VI ALIO/EURO Workshop on Applied Combinatorial Optimization

December 15 - 17, 2008, Buenos Aires, Argentina

Difficult Combinatorial Problems Arising from Spatial Forest Harvesting Problems

Andres Weintraub

Dep of Industrial Engineering, University of Chile

POB 86-D, Santiago, Chile

Using modeling to support harvesting decisions has been applied successfully for decades. Linear modeling models were used in the 70s with frequency.

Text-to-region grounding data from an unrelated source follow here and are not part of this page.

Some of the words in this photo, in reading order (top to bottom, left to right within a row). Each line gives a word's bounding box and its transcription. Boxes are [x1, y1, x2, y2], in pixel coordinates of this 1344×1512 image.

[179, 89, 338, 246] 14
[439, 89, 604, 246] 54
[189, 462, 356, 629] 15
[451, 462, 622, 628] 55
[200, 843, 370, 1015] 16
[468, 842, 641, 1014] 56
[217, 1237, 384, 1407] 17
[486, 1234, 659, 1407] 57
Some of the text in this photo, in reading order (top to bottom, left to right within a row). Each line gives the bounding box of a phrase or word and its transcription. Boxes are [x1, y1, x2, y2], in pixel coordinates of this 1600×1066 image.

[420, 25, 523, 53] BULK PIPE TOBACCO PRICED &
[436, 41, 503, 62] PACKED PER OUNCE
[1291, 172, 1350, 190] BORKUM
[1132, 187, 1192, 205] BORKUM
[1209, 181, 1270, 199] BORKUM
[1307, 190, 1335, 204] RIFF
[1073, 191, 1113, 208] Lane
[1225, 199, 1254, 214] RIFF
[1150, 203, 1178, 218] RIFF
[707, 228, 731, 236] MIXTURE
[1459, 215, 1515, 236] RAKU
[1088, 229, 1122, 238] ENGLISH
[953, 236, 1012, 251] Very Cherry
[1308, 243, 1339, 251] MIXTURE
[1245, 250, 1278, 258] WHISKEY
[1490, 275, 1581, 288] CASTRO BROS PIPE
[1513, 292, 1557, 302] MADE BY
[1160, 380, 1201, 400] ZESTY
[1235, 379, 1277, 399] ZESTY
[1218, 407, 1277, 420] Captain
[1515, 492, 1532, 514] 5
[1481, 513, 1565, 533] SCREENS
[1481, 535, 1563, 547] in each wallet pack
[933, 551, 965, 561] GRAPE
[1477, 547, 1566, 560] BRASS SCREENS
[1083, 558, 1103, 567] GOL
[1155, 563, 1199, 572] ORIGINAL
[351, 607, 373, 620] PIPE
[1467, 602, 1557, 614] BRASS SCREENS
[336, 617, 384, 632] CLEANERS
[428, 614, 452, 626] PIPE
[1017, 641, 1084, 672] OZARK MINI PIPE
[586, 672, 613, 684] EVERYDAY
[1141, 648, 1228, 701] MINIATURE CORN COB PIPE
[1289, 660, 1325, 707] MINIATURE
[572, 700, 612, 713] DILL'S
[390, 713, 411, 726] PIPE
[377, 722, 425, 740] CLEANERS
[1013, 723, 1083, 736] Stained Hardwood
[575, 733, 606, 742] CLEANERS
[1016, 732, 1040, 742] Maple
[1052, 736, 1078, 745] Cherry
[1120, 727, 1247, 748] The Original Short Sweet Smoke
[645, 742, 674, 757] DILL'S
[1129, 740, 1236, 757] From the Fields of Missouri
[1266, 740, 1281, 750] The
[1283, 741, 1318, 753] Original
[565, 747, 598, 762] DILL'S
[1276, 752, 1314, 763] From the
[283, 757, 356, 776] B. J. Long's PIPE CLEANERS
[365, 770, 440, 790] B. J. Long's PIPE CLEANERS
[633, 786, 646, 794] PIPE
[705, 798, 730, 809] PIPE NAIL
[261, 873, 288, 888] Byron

As environmental issues became more important, the harvesting models had to incorporate these as spatial issues into the models. One well used statial constraint is reflected as not allowing to harvest blocks beyond a certain limiting area (typically 40 hectares). This can be thought of in a chess board. If a black cell is harvested, you cannot harvest a neighbouring white cell for one or two periods (until the trees in the original black cell have grown to a minimum height). Introducing these constraints into the harvesting models leads to dificult to solve MIPs. In actual use by planners in the 80s and 90s heuristics and metaheuristics were applied. Exact solutions were proposed, which were quite successful in experimental runs. The basic constraints can be thought of as xit+xjt lte 1 if cells i and j are neighbors and xit =1 if cell i is harvested in period t. This formulation is weak, so was replaced by clique formulation, and column generation, were the subproblems corresponded to a stable set problem. The harvesting blocks were constructed by forest engineers using a GIS forming them form basic cells, much smaller than 40 hectares. In the 90s it was shown that by incorporating the forming of the blocks into the models led to siginifcantly better solutions, Again in actual use metaheuristics wree applied. In the 2000s exact models have been proposed. We show several approaches proposed for this latter problem. One form is based on enumerating in some form all possible ways in which a harvesting block may be infeasible and generate those constraints. We have worked on defining all possible feasible blocks and creating constraints that prevent harvesting jointly any pair from being adjacent or overlapping.

This is based on strengthening the formulation by clique-liftingprocedures. Elastisizing constraints linking production between periods also led to improved solutions We discuss these formulations, how they can be made efficient, in particular to solve large size problems. We also discuss how realistic problems include other complicating factors, like considering the need to have large blocks of connected old growth trees. We show computational results, which allow these problems to be solved in real life, and discuss which problems are still open.

This work is shared mainly with Marcos Goycoolea, Juan Pablo Vielma, David Ryan and Alan Murray.